Añadiría que el hecho de encontrar en la oración un contento, incluso un cierto placer, diría yo, nos hace más libres respecto de esa búsqueda ansiosa de satisfacciones humanas, que es nuestra tentación permanente. Nuestro mundo sufre un gran vacío espiritual, y me impresiona ver cómo este vacío interior impulsa a una búsqueda frenética de satisfacciones sensibles. No tengo nada contra los placeres legítimos de la vida, las comidas apetitosas, las botellas de Bordeaux o los baños relajantes. Son un don de Dios, pero es preferible usarlos con mesura. Hay a veces en nuestro mundo una necesidad insaciable de sentir, de saborear, de experimentar emociones y sensaciones nuevas y cada vez más intensas, que puede conducir a comportamientos destructores, como se comprueba en los dominios de la sexualidad, de la droga, etc. La búsqueda de sensaciones cada vez más fuertes acaba a menudo por conducir a la violencia.

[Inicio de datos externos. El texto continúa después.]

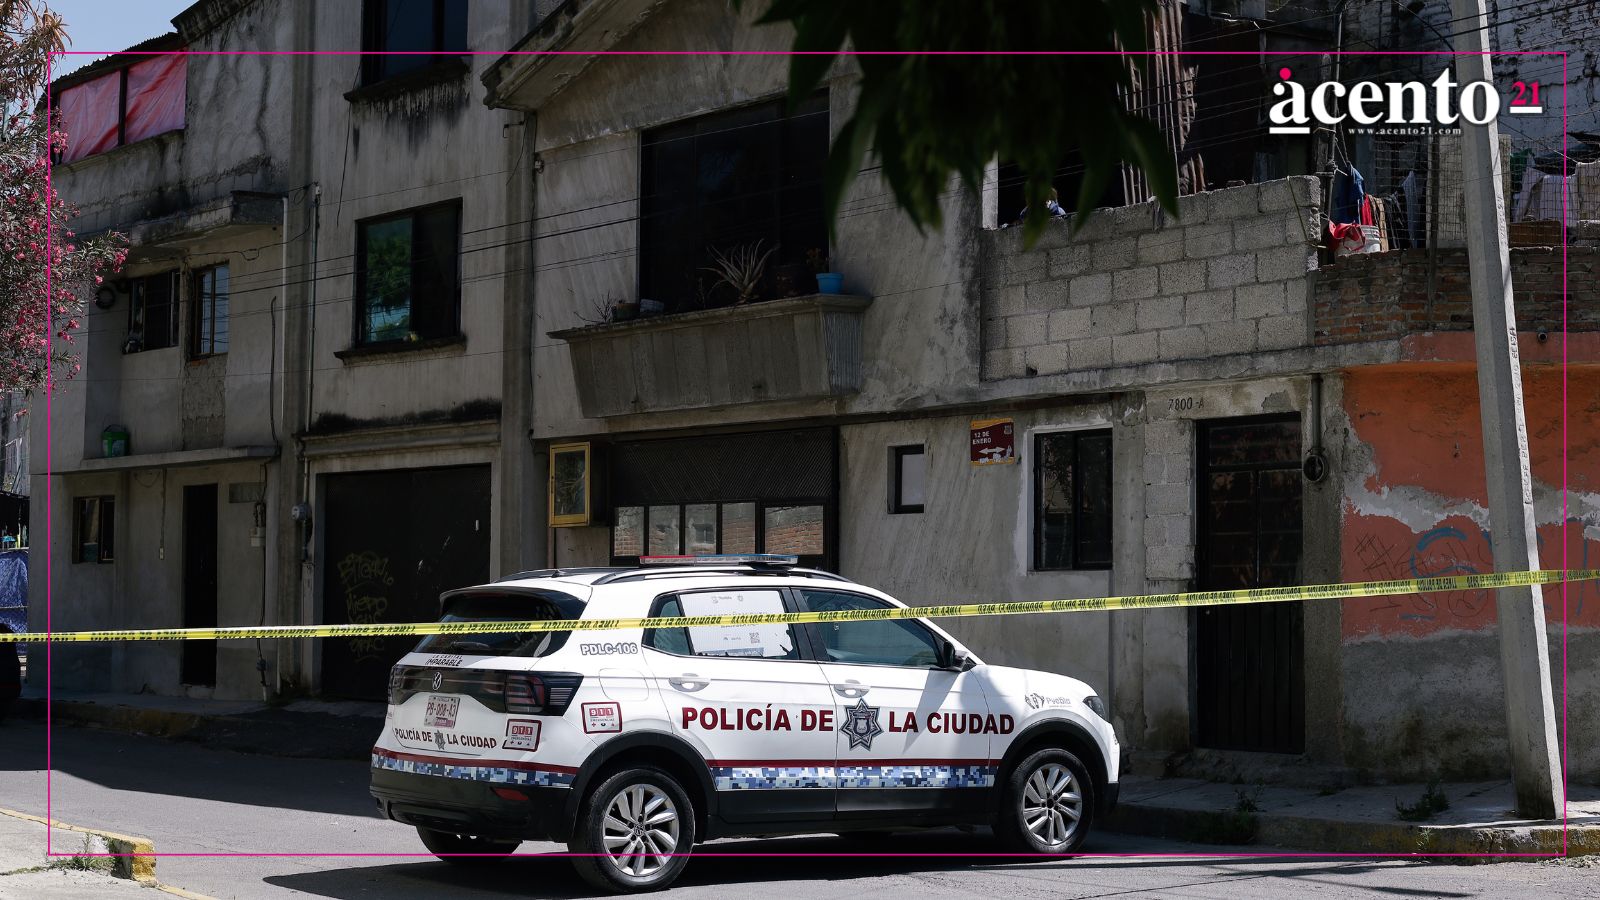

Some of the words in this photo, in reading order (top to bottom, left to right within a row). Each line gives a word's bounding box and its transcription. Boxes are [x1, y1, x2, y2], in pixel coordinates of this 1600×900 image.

Cuando falta el sentido, se busca sustituirlo por la sensación. «¡Llene el depósito de sensaciones!», dice un anuncio reciente de automóviles. Pero es una calle sin salida, que no produce más que frustraciones, es decir, autodestrucción y violencia. Mil satisfacciones no hacen una felicidad...
Última consideración sobre este punto de la oración como camino de libertad: como veremos más adelante, la fidelidad a la oración nos hace experimentar poco a poco que los verdaderos tesoros son interiores, que tenemos dentro de nosotros el Reino y su felicidad. Este descubrimiento nos hará más libres respecto a los bienes de la tierra, nos liberará poco a poco de la necesidad excesiva de posesión, de esa tendencia actual de llenar la vida con una multitud de cosas materiales que terminan por complicarnos y endurecer nuestro corazón.